● **PROBLEM DETAILS**:
Go through the listing below and repeat it exactly, omitting each picture.
::: DATA UNDER STUDY
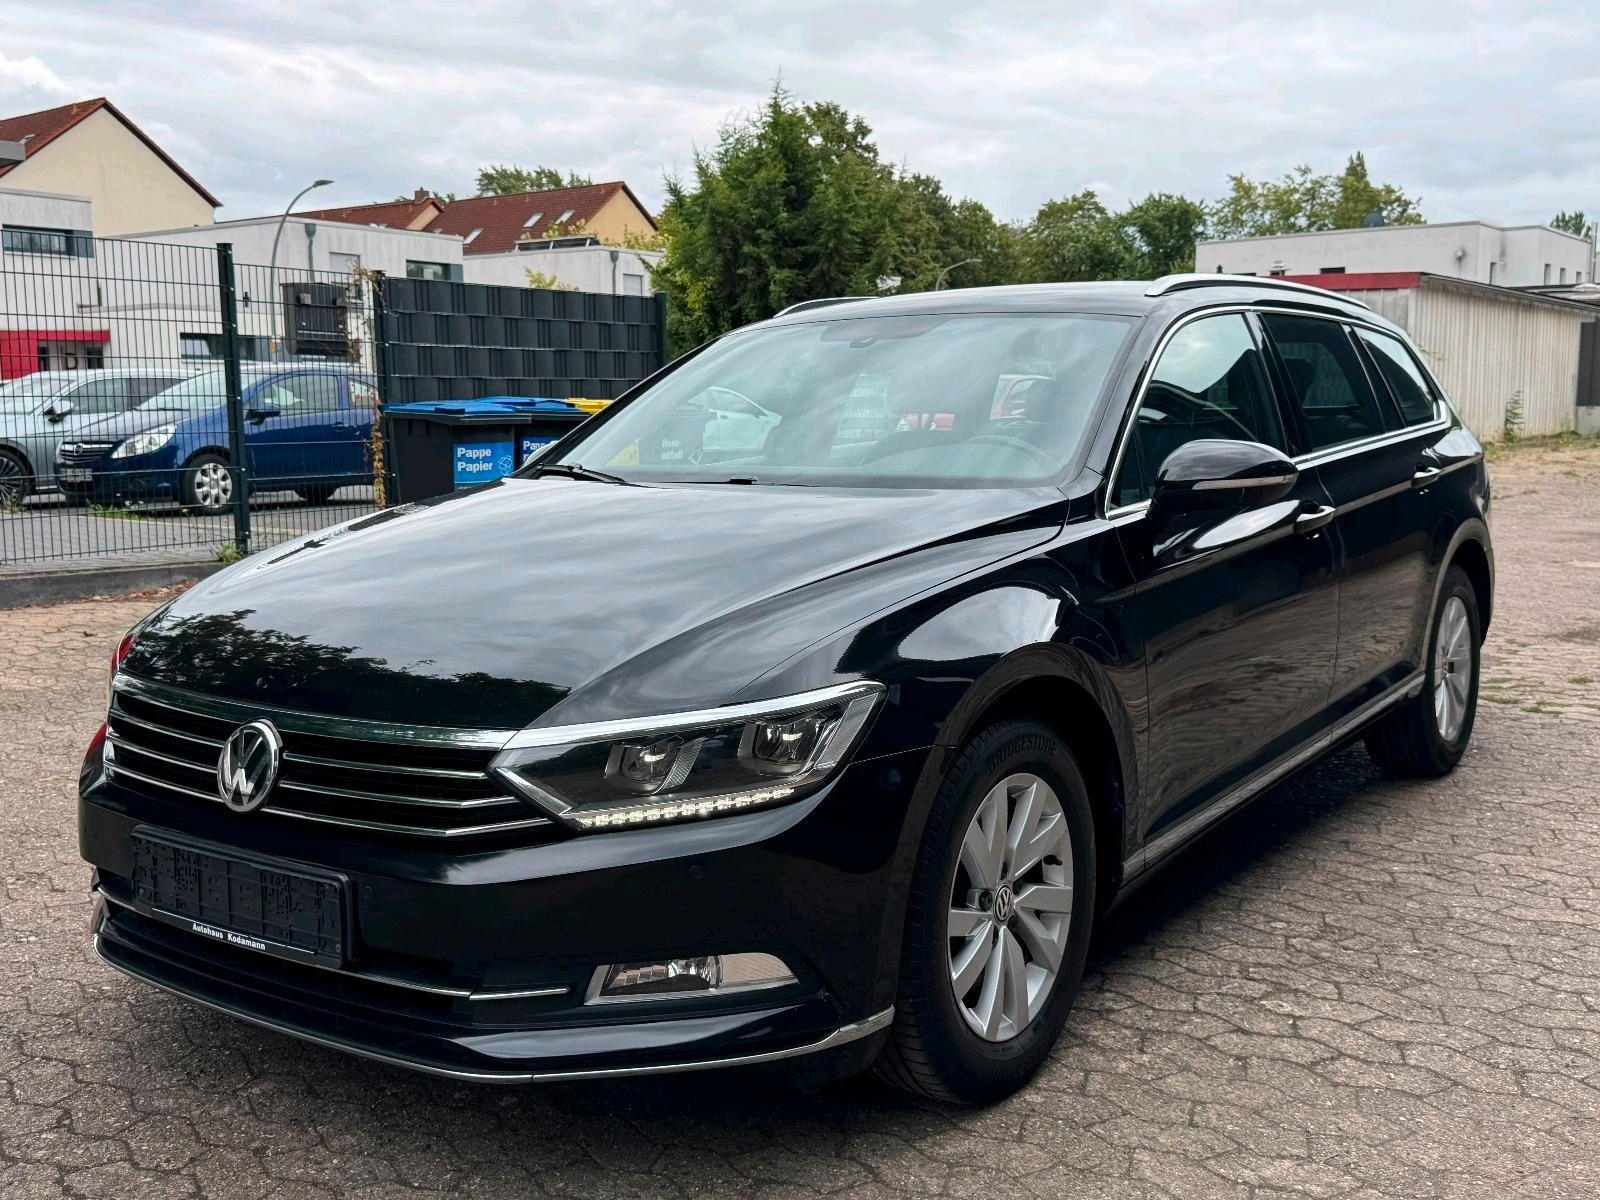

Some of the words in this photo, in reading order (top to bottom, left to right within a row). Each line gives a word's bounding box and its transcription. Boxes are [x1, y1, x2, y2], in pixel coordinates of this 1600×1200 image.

[457, 447, 492, 459] Pappe
[457, 461, 493, 473] Papier
[987, 734, 1057, 773] BRIDGESTONE
[192, 922, 224, 939] Autohaus
[227, 932, 266, 950] Kodamann
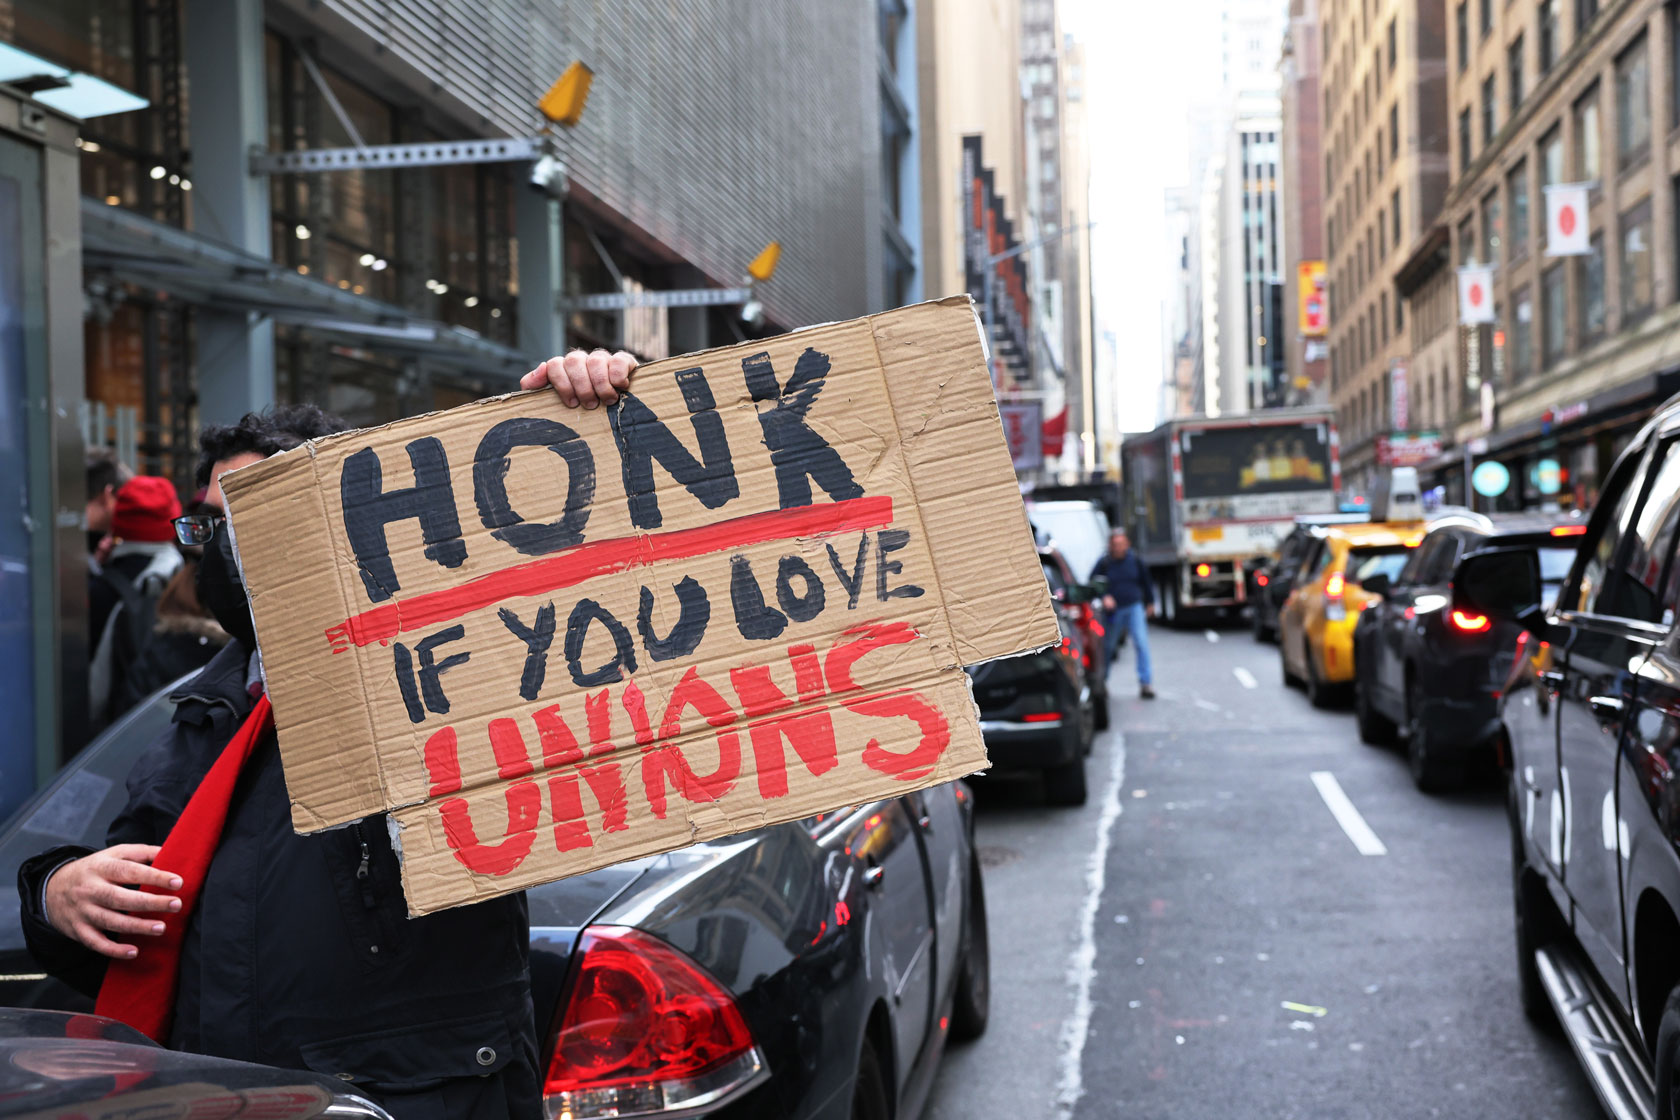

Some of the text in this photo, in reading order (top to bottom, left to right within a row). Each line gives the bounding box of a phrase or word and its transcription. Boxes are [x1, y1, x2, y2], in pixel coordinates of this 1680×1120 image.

[341, 347, 863, 602] HONK
[394, 530, 925, 723] IF YOU LOVE
[423, 623, 950, 875] UNIONS
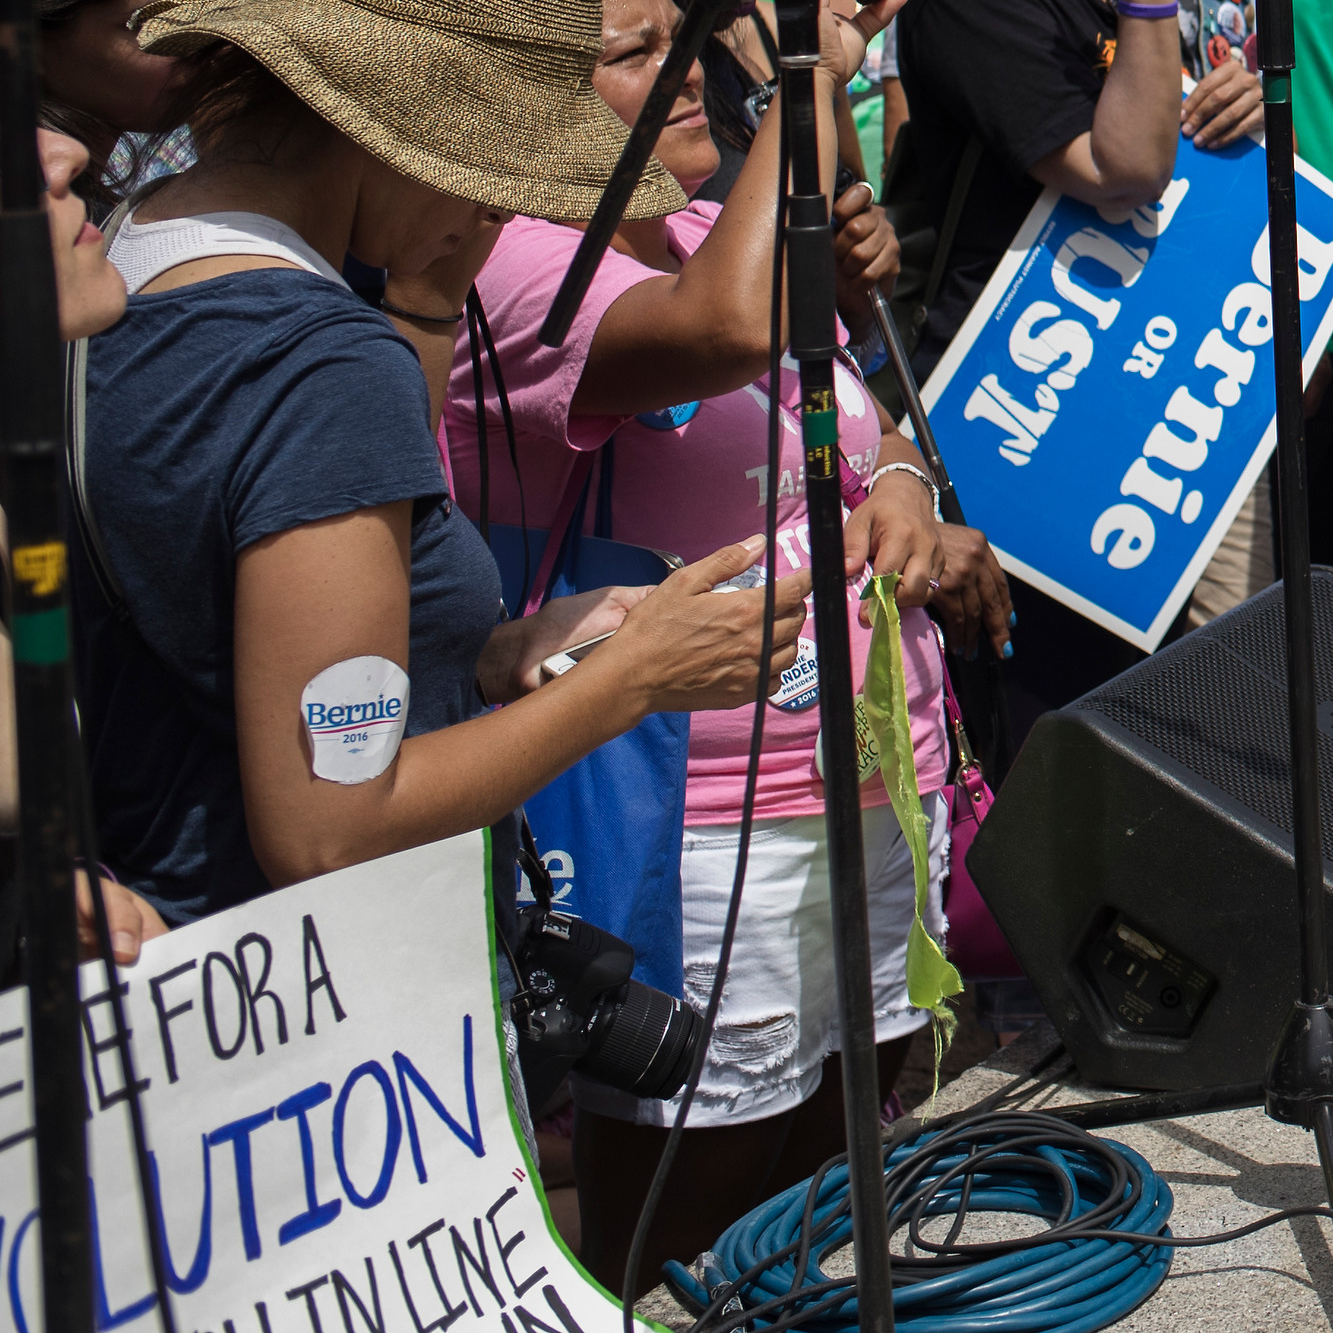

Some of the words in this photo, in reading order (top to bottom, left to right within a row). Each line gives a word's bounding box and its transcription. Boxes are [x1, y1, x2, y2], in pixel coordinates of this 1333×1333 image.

[1123, 315, 1178, 379] OR
[306, 694, 402, 727] Bernie
[797, 690, 817, 705] 2016
[343, 732, 369, 744] 2016
[148, 932, 289, 1085] FOR
[302, 914, 347, 1036] A
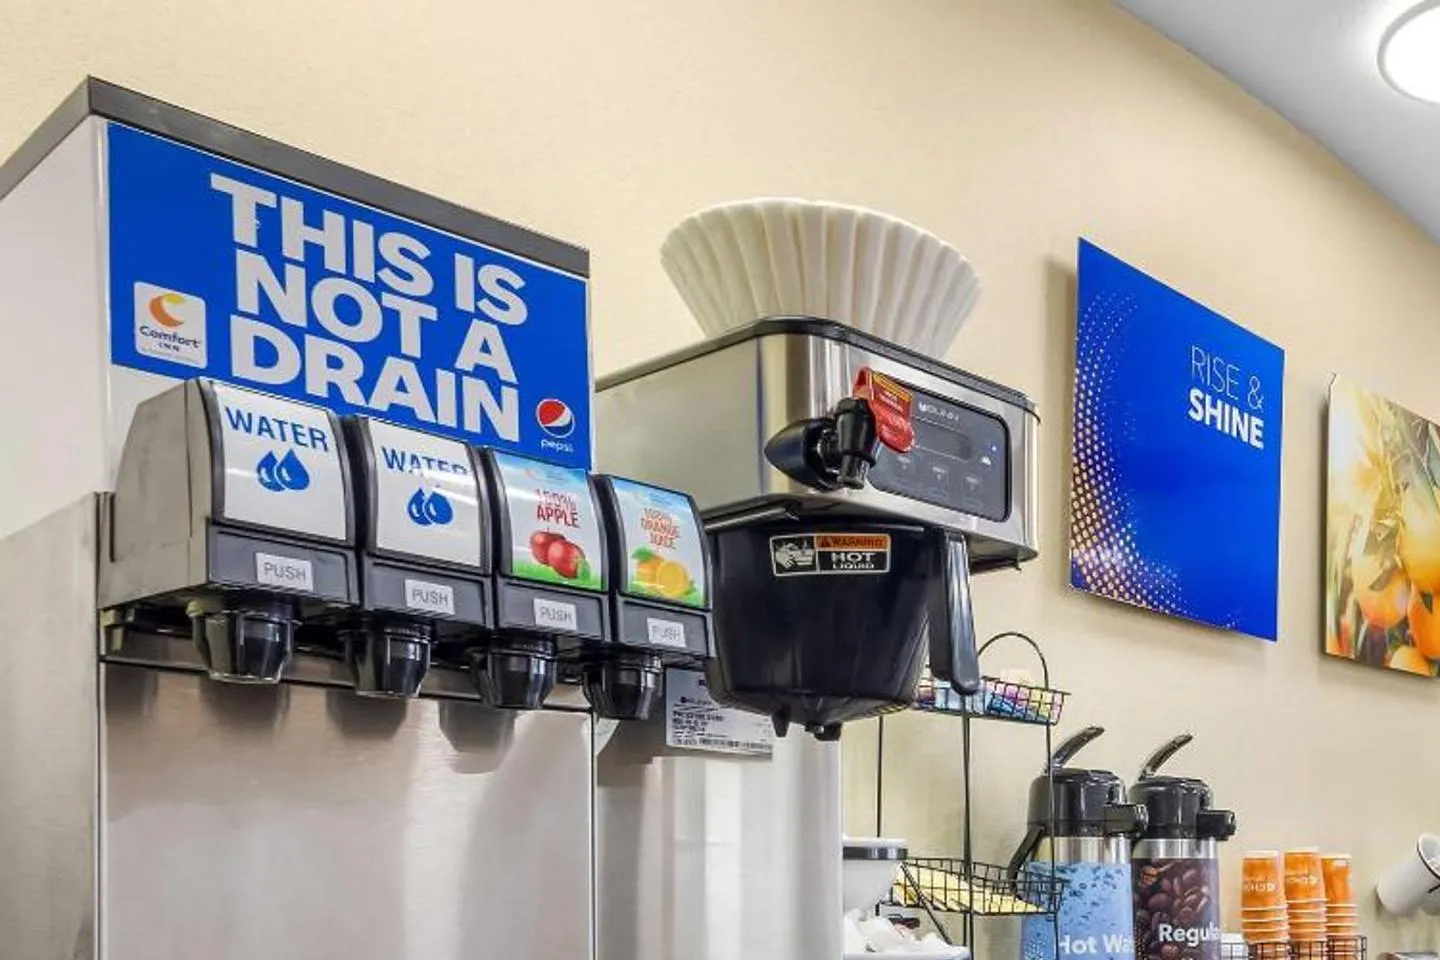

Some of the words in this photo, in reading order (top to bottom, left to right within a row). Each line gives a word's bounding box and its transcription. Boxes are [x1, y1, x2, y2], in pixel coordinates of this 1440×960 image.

[211, 172, 434, 297] THIS
[455, 253, 528, 326] IS
[236, 249, 437, 358] NOT
[455, 318, 517, 384] A
[139, 325, 200, 349] Comfort
[231, 314, 519, 442] DRAIN
[1190, 344, 1239, 400] RISE
[1247, 375, 1265, 410] &
[225, 406, 329, 452] WATER
[1188, 388, 1264, 449] SHINE
[540, 440, 574, 453] pepsi
[381, 445, 469, 475] WATER
[537, 503, 581, 529] APPLE
[832, 536, 886, 548] WARNING
[831, 552, 876, 563] HOT
[832, 562, 875, 570] LIQUID
[263, 561, 307, 583] PUSH
[412, 590, 449, 606] PUSH
[539, 606, 573, 622] PUSH
[651, 625, 682, 640] PUSH
::::::
● **ANSWER SECTION**:
Some of the words in this photo, in reading order (top to bottom, left to right within a row). Each line gives a word's bounding box and its transcription. Boxes are [x1, y1, x2, y2], in pixel coordinates of this 1600×1200 image.

[457, 447, 492, 459] Pappe
[457, 461, 493, 473] Papier
[987, 734, 1057, 773] BRIDGESTONE
[192, 922, 224, 939] Autohaus
[227, 932, 266, 950] Kodamann

Some of the text in this photo, in reading order (top to bottom, left to right within a row). Each line gives the bounding box of a phrase or word and its transcription. Boxes are [x1, y1, x2, y2], in pixel coordinates of this 1680×1120 image.

[341, 347, 863, 602] HONK
[394, 530, 925, 723] IF YOU LOVE
[423, 623, 950, 875] UNIONS

Some of the words in this photo, in reading order (top to bottom, left to right within a row). Each line gives a word's bounding box and its transcription. Boxes are [x1, y1, x2, y2], in pixel coordinates of this 1333×1333 image.

[1123, 315, 1178, 379] OR
[306, 694, 402, 727] Bernie
[797, 690, 817, 705] 2016
[343, 732, 369, 744] 2016
[148, 932, 289, 1085] FOR
[302, 914, 347, 1036] A

Some of the words in this photo, in reading order (top to bottom, left to right within a row). Each line gives a word's bounding box and its transcription. Boxes are [x1, y1, x2, y2], in pixel coordinates of this 1440×960 image.

[211, 172, 434, 297] THIS
[455, 253, 528, 326] IS
[236, 249, 437, 358] NOT
[455, 318, 517, 384] A
[139, 325, 200, 349] Comfort
[231, 314, 519, 442] DRAIN
[1190, 344, 1239, 400] RISE
[1247, 375, 1265, 410] &
[225, 406, 329, 452] WATER
[1188, 388, 1264, 449] SHINE
[540, 440, 574, 453] pepsi
[381, 445, 469, 475] WATER
[537, 503, 581, 529] APPLE
[832, 536, 886, 548] WARNING
[831, 552, 876, 563] HOT
[832, 562, 875, 570] LIQUID
[263, 561, 307, 583] PUSH
[412, 590, 449, 606] PUSH
[539, 606, 573, 622] PUSH
[651, 625, 682, 640] PUSH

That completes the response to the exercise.